Of course! The jeep Muir had mentioned last night. Jess had never driven any but a small private car, and the jeep probably had a left-hand drive as well as being strange in other ways. But to take it would save valuable time, so she had no choice.
The gardeners and Muir’s indoor manservant had gone with him to help with the rescue work, so there was no one to help her. But Mrs. Seacombe went with her to open the garage and to stand by while Jess ran the engine and backed the jeep out.
“Good luck, Jess, my dear,” she smiled tremulously. “It’s brave of you to go.”
Jess shook her head. Brave? To make the only effort she could for Muir whom she loved, for Liane whom he loved.
And Mrs. Seacombe could not have known that she stabbed straight at Jess’s heart when she went on, “Perhaps it’s not my place to say so, but I’d sometimes thought Mr. Forester would marry Miss Hart because he had a duty toward her and because in his position he needs a wife. It was only last night, when she was lost, that I realized how much, how very much he must care for her. In the way of—of love, I mean.”
“Yes.” Jess stared at her gloved hands upon the steering wheel. It was on an impulse she could not resist that she asked, “Did you know that your son loved her, too?” Too late she realized the cruelty of having spoken of Peter in the past tense.
But Mrs. Seacombe replied quietly, “Yes, I knew. I thought it my duty to Mr. Forester to try to keep them apart, and I never discussed it with Peter. But since—” she bit her lip to control its quivering “—since, I’ve reproached myself for cheating him of a little happiness he might have had. And I’ve wondered whether even Mr. Forester might have been willing to take his chance against her choosing my boy instead of him.” She paused, and when she spoke again it was as the housekeeper who knew her place. She said, “But, of course, that was only a wild dream of mine for Peter’s sake. Miss Hart would never have thought of him in that way, and it wouldn’t have been at all suitable if she had.”
As if, thought Jess sadly
as she drove away, the heart took any count of suitability or listened to any argument but its own. Did the old always forget the wilful, passionate impulses their own youth must have known?
It was growing light now, and she gained confidence as she began to get the feel of the jeep’s powerful engine.
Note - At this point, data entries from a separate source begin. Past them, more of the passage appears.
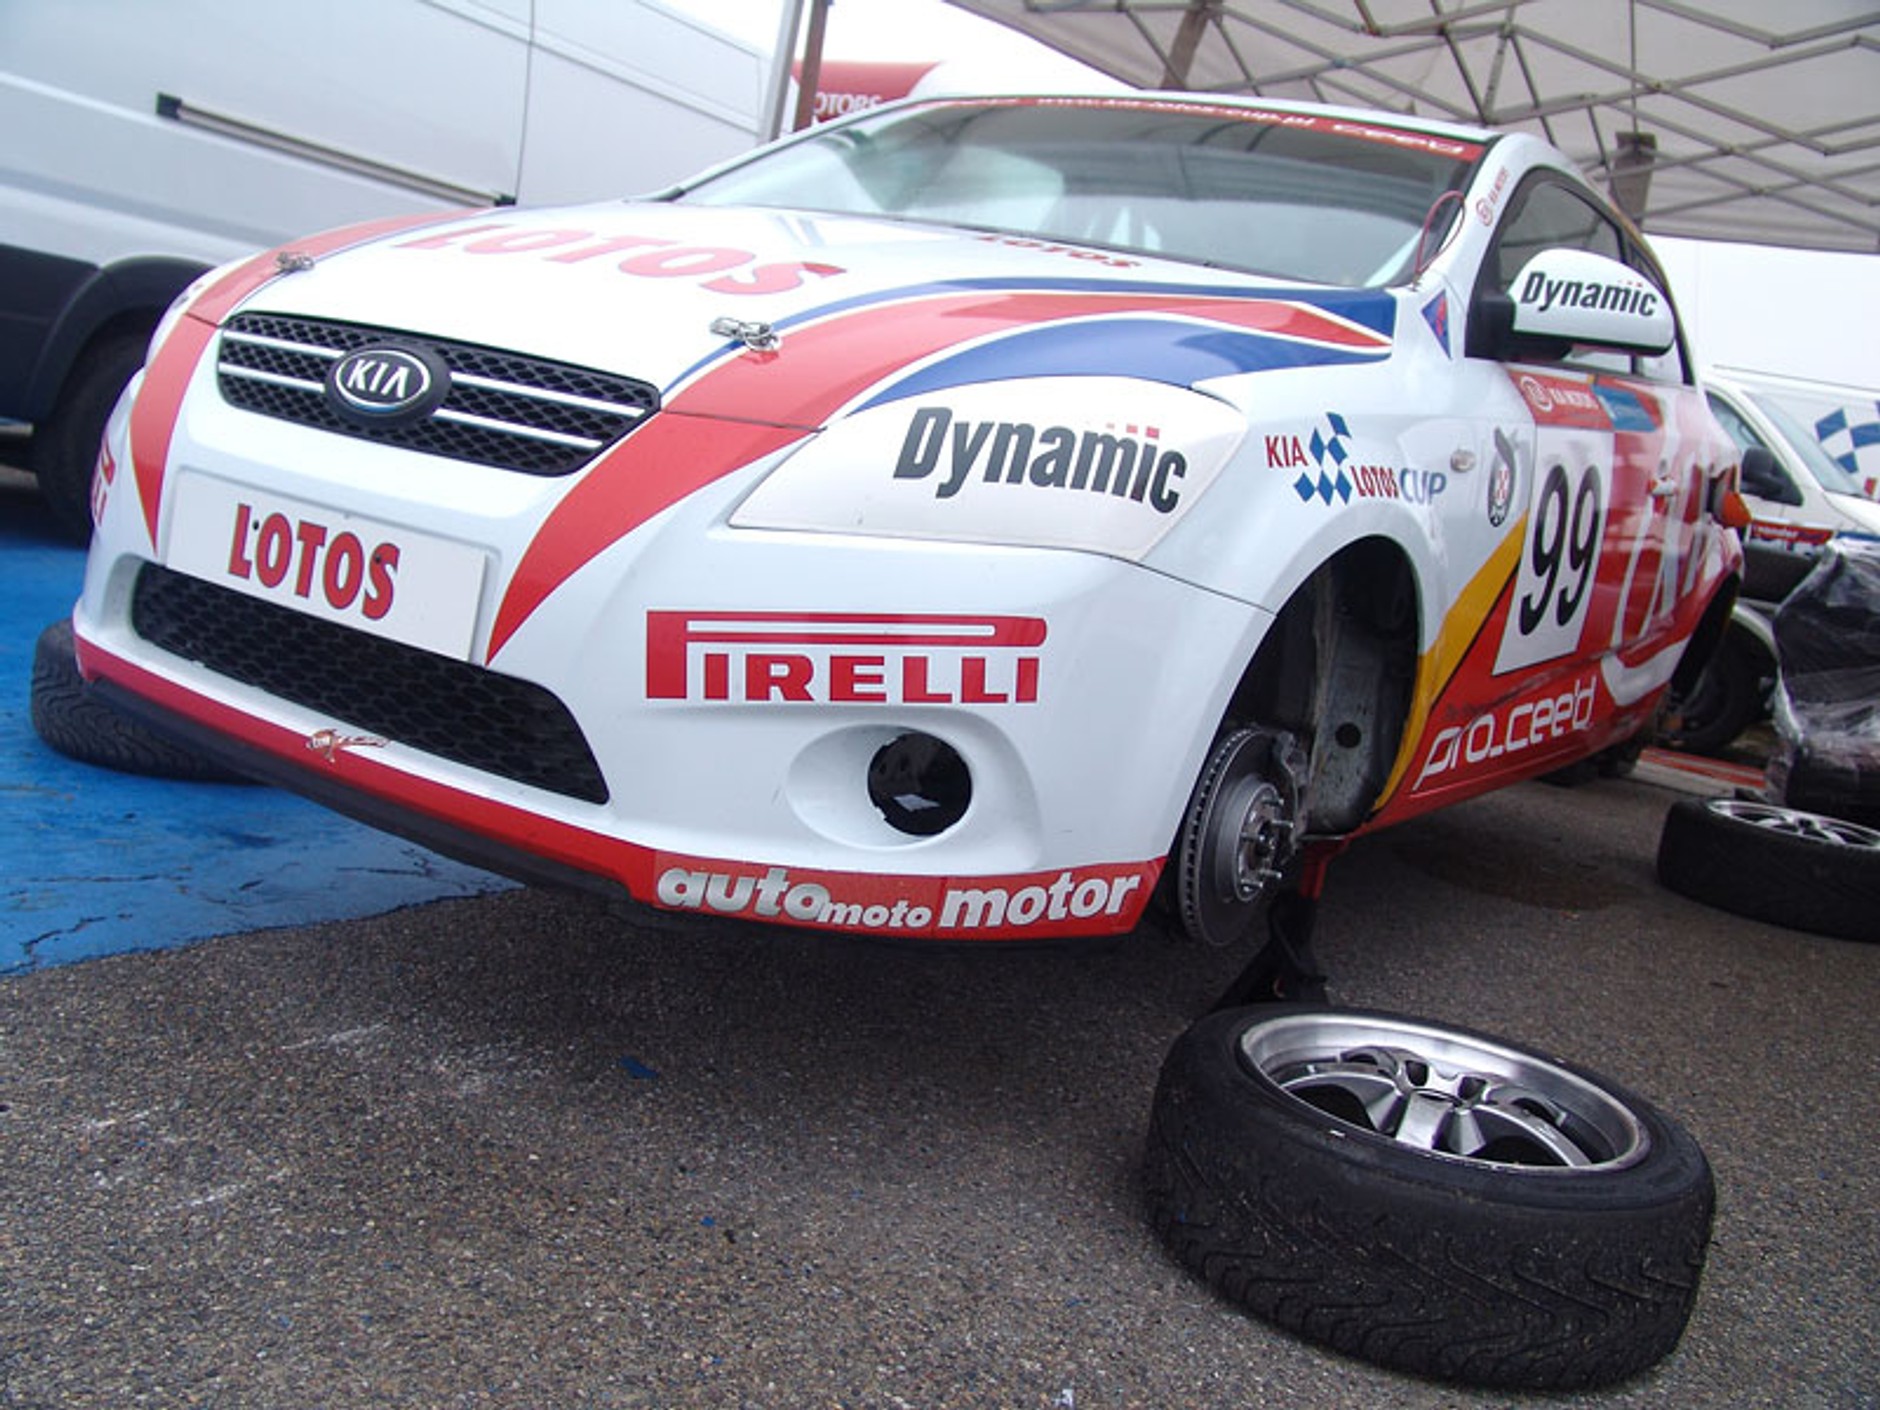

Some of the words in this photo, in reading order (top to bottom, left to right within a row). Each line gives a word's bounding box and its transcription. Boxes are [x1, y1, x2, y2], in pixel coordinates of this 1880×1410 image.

[394, 223, 847, 295] LOTOS
[974, 234, 1142, 268] LOTOS
[1520, 270, 1657, 317] Dynamic
[346, 359, 410, 399] KIA
[893, 406, 1187, 514] Dynamic
[1264, 435, 1309, 468] KIA
[1350, 465, 1400, 499] LOTOS
[1400, 468, 1447, 505] CUP
[228, 503, 401, 621] LOTOS
[1519, 465, 1602, 636] 99
[646, 610, 1047, 703] PIRELLI
[938, 871, 1142, 929] motor
Except for the angrily skirling river, which ran almost level with the roadway at the bridge, the floods had not reached Crane-by-Sea, and the road which ran parallel with the creek down to Cranemouth was still passable.
Her heart sank when the jeep’s lights, raking ahead, were reflected back from the first continuous sheet of water across the road. But when she reached it, it was only a few inches deep, and by changing gear and edging cautiously along, she was able to keep going, even when she was driving through a foot and more of water.
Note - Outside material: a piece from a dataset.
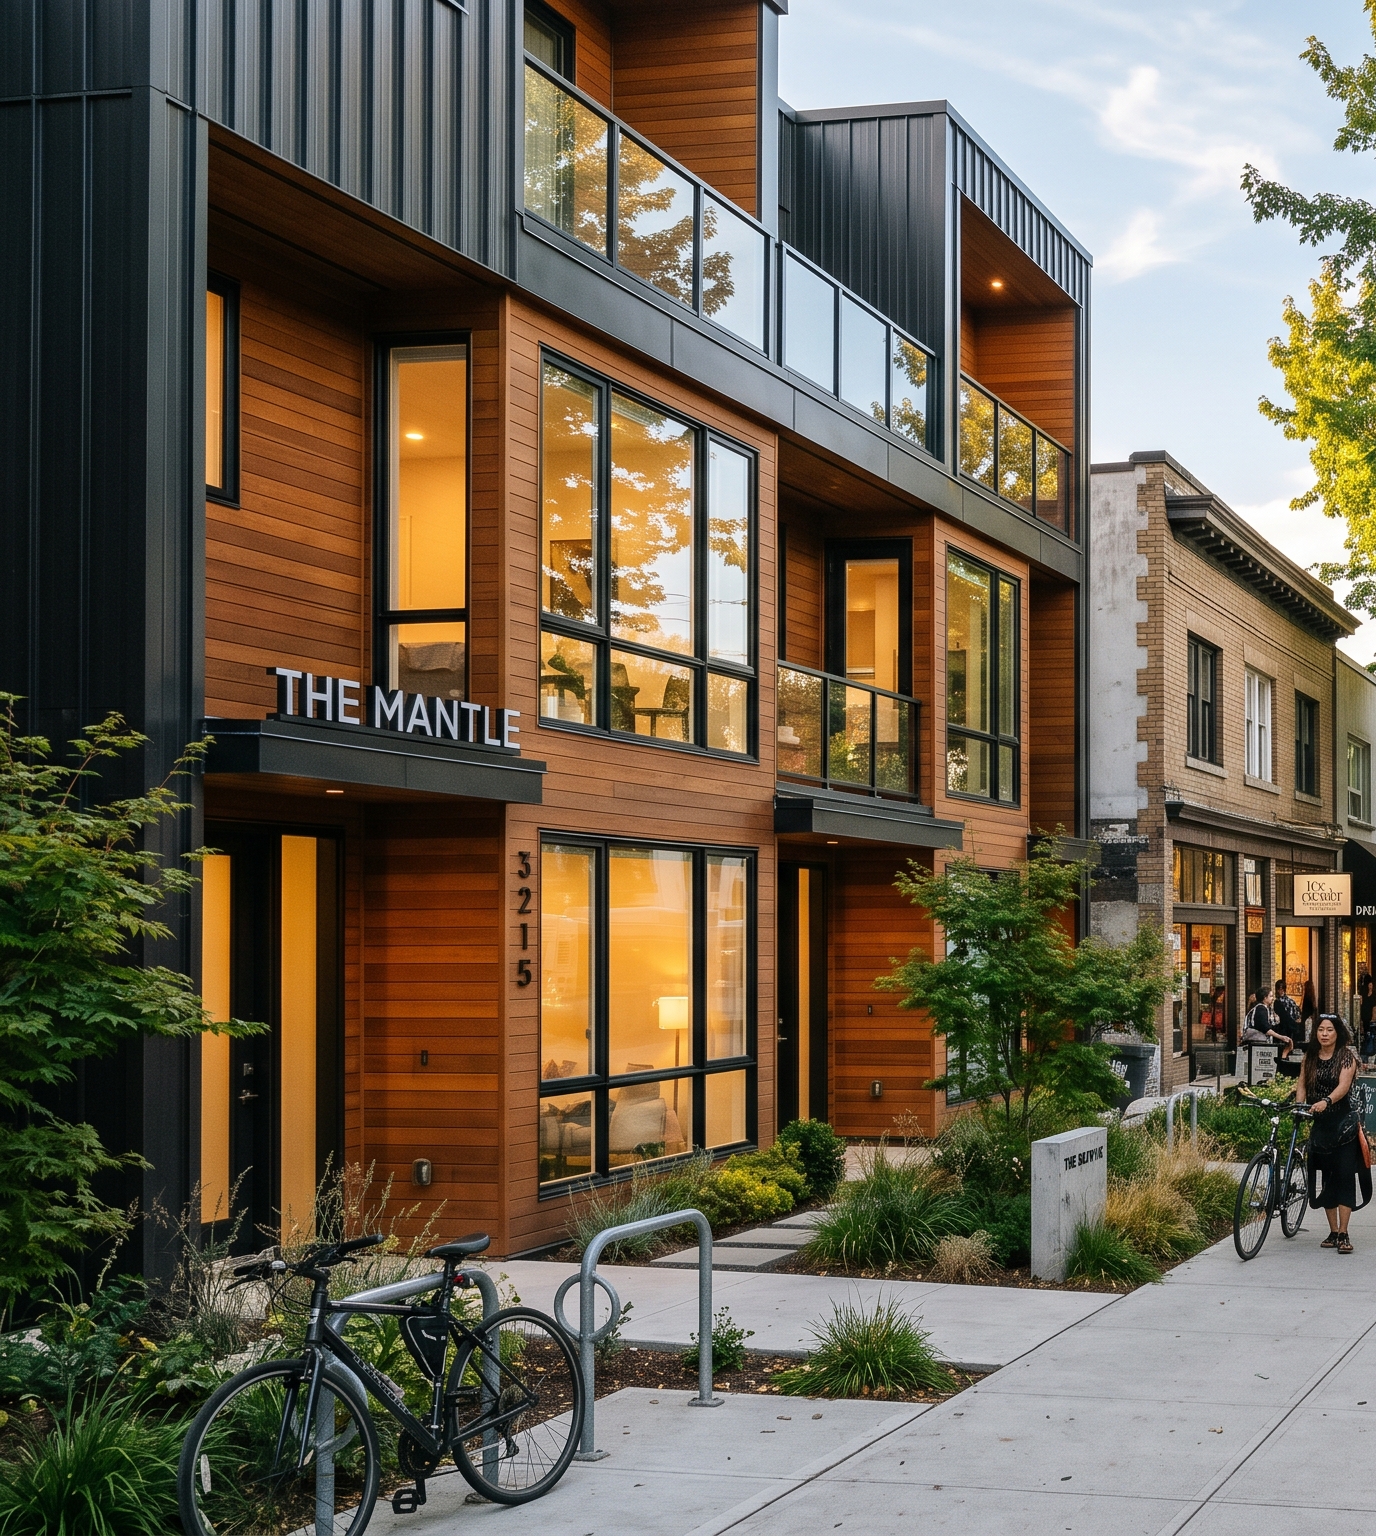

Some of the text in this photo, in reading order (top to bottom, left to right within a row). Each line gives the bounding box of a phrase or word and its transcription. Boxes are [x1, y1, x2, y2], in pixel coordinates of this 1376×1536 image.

She wondered if she could hope to keep going in the jeep until she reached the harbor, where she might hope to find Muir or to get some news of his whereabouts. But the tide, she calculated, was flowing hard again, and she was increasingly worried by the sputtering and checking of the engine as the jeep plunged on through water that deepened, yard by following yard.
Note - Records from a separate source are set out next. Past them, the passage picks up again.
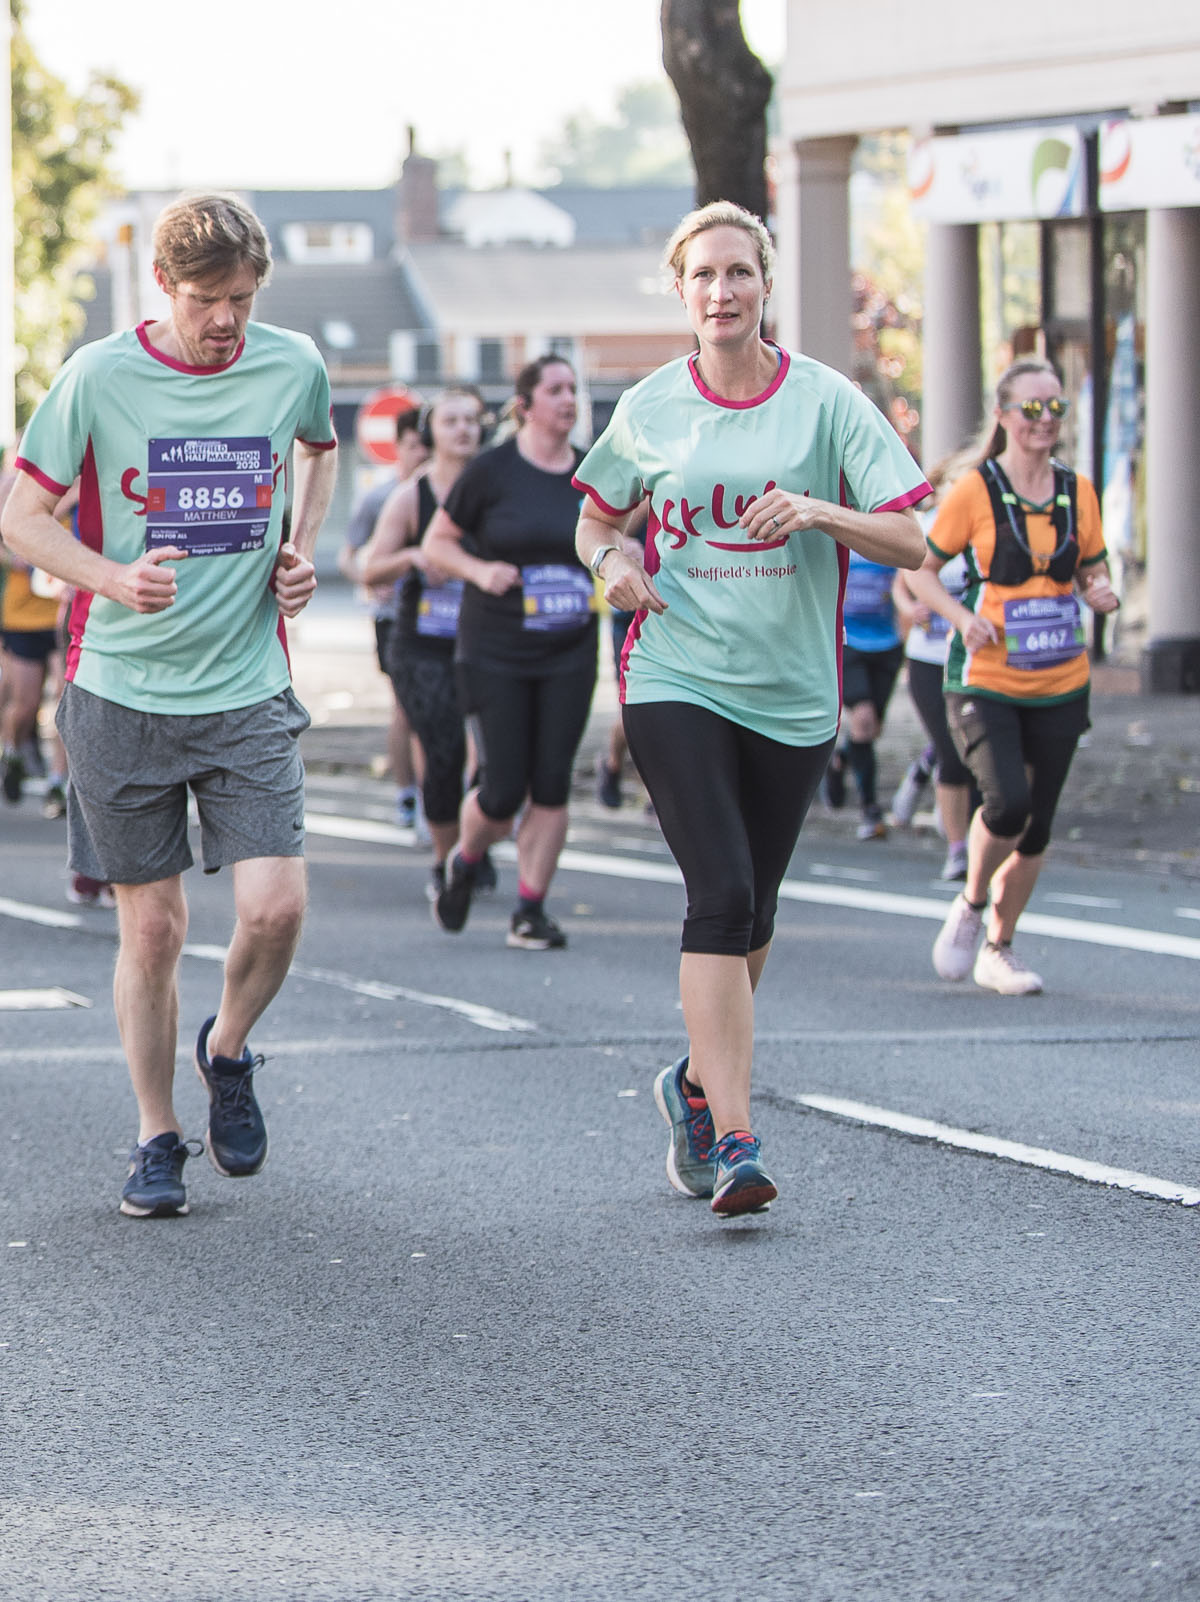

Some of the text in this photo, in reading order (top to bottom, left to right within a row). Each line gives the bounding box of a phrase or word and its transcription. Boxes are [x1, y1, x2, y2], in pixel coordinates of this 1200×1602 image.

[207, 451, 260, 462] MARATHON
[236, 461, 260, 469] 2020
[254, 474, 263, 484] M
[178, 486, 244, 509] 8856
[184, 510, 238, 522] MATTHEW
[687, 566, 751, 581] Sheffield's
Now there were no landmarks, no discernible roads nor paths nor turnings—only a vast lake that lapped in angry ruffles at the doors and windows of Cranemouth’s abandoned houses, and nothing else in sight.
Jess tried to concentrate on edging the car forward, though a panic of loneliness was sweeping over her, and she was dreading the moment when she might have to leave the jeep and step down into a depth at which she could guess now but which might hold unknown hazards ahead.
The wind was chopping the water surface into waves that scurried and broke against the jeep and slid away in its wake until the biggest surge yet slapped high across the jeep’s hood, and Jess was already prepared for the last protesting sputter with which the engine died. This, she told herself resignedly as she drew almost unnecessarily upon the hand brake, was it.